Jailbreaking Attack against Multimodal Large Language Model

Zhenxing Niu,Haodong Ren,Xinbo Gao,Gang Hua,Rong Jin
2024-02-04
Abstract:This paper focuses on jailbreaking attacks against multi-modal large language models (MLLMs), seeking to elicit MLLMs to generate objectionable responses to harmful user queries. A maximum likelihood-based algorithm is proposed to find an \emph{image Jailbreaking Prompt} (imgJP), enabling jailbreaks against MLLMs across multiple unseen prompts and images (i.e., data-universal property). Our approach exhibits strong model-transferability, as the generated imgJP can be transferred to jailbreak various models, including MiniGPT-v2, LLaVA, InstructBLIP, and mPLUG-Owl2, in a black-box manner. Moreover, we reveal a connection between MLLM-jailbreaks and LLM-jailbreaks. As a result, we introduce a construction-based method to harness our approach for LLM-jailbreaks, demonstrating greater efficiency than current state-of-the-art methods. The code is available here. \textbf{Warning: some content generated by language models may be offensive to some readers.}
Machine Learning,Computation and Language,Cryptography and Security,Computer Vision and Pattern Recognition
What problem does this paper attempt to address?
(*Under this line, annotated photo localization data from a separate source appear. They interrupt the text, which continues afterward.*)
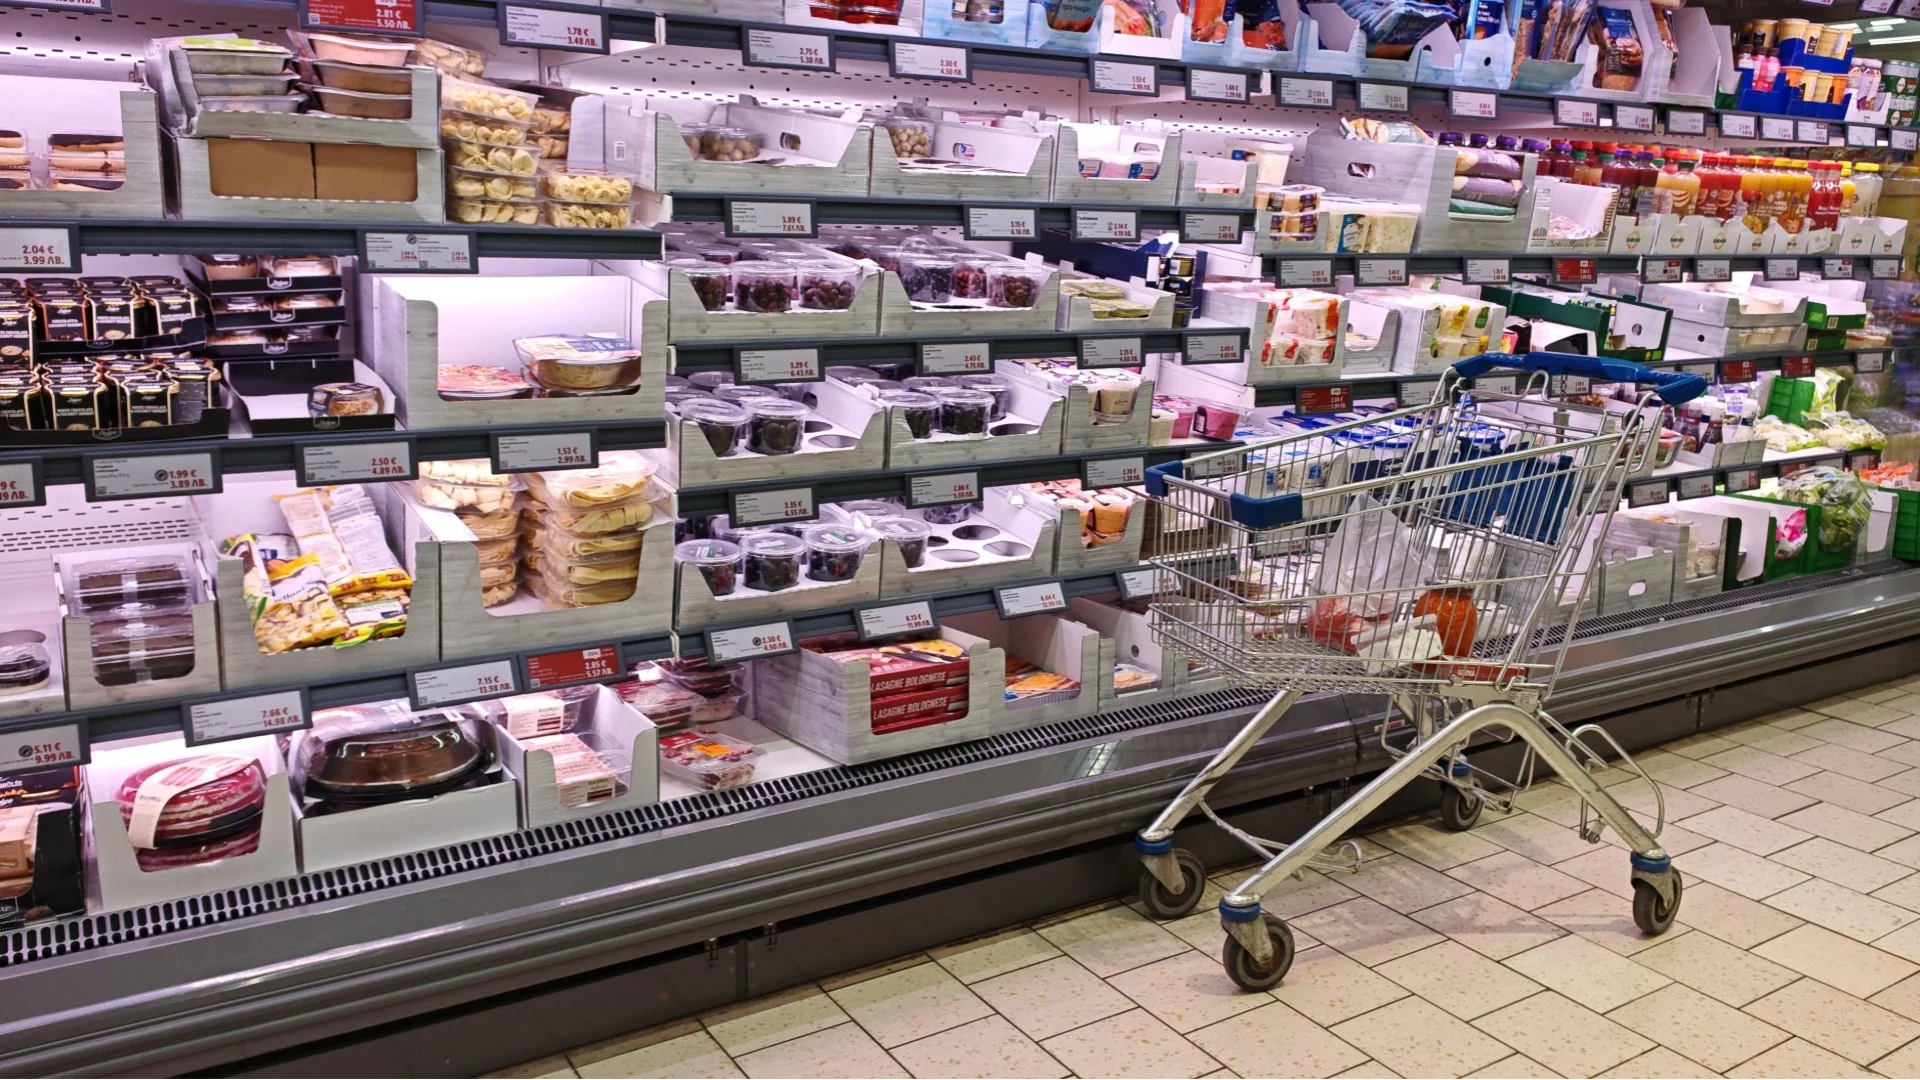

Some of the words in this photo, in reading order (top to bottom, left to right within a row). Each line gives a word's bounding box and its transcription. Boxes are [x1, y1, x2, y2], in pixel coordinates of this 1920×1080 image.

[377, 9, 393, 18] 2.81
[395, 11, 401, 19] €
[377, 19, 394, 28] 5.50
[567, 27, 582, 36] 1.78
[584, 29, 589, 37] €
[567, 36, 583, 46] 3.48
[799, 48, 813, 56] 2.75
[22, 245, 45, 255] 2.04
[48, 245, 54, 254] €
[23, 255, 45, 265] 3.99
[789, 361, 804, 369] 3.29
[965, 362, 977, 370] 4.75
[790, 369, 804, 377] 6.43
[557, 448, 574, 456] 1.53
[574, 447, 579, 455] €
[371, 458, 390, 466] 2.50
[391, 457, 397, 465] €
[557, 455, 575, 464] 2.99
[169, 469, 190, 479] 1.99
[190, 469, 197, 478] €
[372, 466, 390, 475] 4.89
[10, 481, 17, 490] €
[170, 479, 191, 489] 3.89
[784, 501, 797, 510] 3.35
[784, 509, 798, 517] 6.55
[905, 614, 917, 622] 6.13
[907, 620, 922, 629] 11.99
[761, 636, 776, 645] 2.30
[777, 635, 782, 643] €
[763, 642, 778, 652] 4.50
[584, 661, 600, 671] 2.85
[601, 660, 607, 668] €
[586, 669, 602, 678] 5.57
[477, 677, 494, 686] 7.15
[495, 675, 500, 684] €
[871, 678, 904, 693] LASAGNE
[905, 671, 947, 688] BOLOGNESE
[478, 684, 499, 694] 13.98
[873, 703, 905, 720] LASAGNE
[906, 695, 949, 714] BOLOGNESE
[262, 709, 282, 719] 7.66
[283, 707, 289, 716] €
[264, 716, 286, 728] 14.98
[34, 745, 52, 754] 5.11
[55, 743, 62, 751] €
[35, 753, 57, 764] 9.99
The paper aims to study jailbreaking attacks on Multimodal Large Language Models (MLLM), which can bypass the model's security mechanisms and induce the model to generate harmful or inappropriate content. The main contributions of the paper are as follows: 1. **Proposing a new attack method**: The authors propose a method based on maximum likelihood estimation to generate image jailbreaking prompts (imgJP). These prompts can induce multimodal models to generate inappropriate responses when faced with harmful requests. This method is not only applicable to specific input images but also maintains effectiveness across different images and prompts (data generality). 2. **Model transferability**: This method has strong model transferability, meaning that imgJP trained on a surrogate model can still effectively attack other models even without knowledge of the target model's architecture, making it suitable for black-box attack scenarios. 3. **Connecting MLLM and LLM jailbreaking attacks**: The authors find that the text part (LLM) of multimodal models is also susceptible to jailbreaking attacks. They propose a construction-based attack method that converts image jailbreaking into text jailbreaking, thereby improving attack efficiency. Through the above work, the paper demonstrates how to systematically implement jailbreaking attacks on multimodal large language models and verifies their effectiveness and generality on multiple real-world models. This not only reveals the security vulnerabilities of existing models but also provides important references for the future development of more secure AI systems.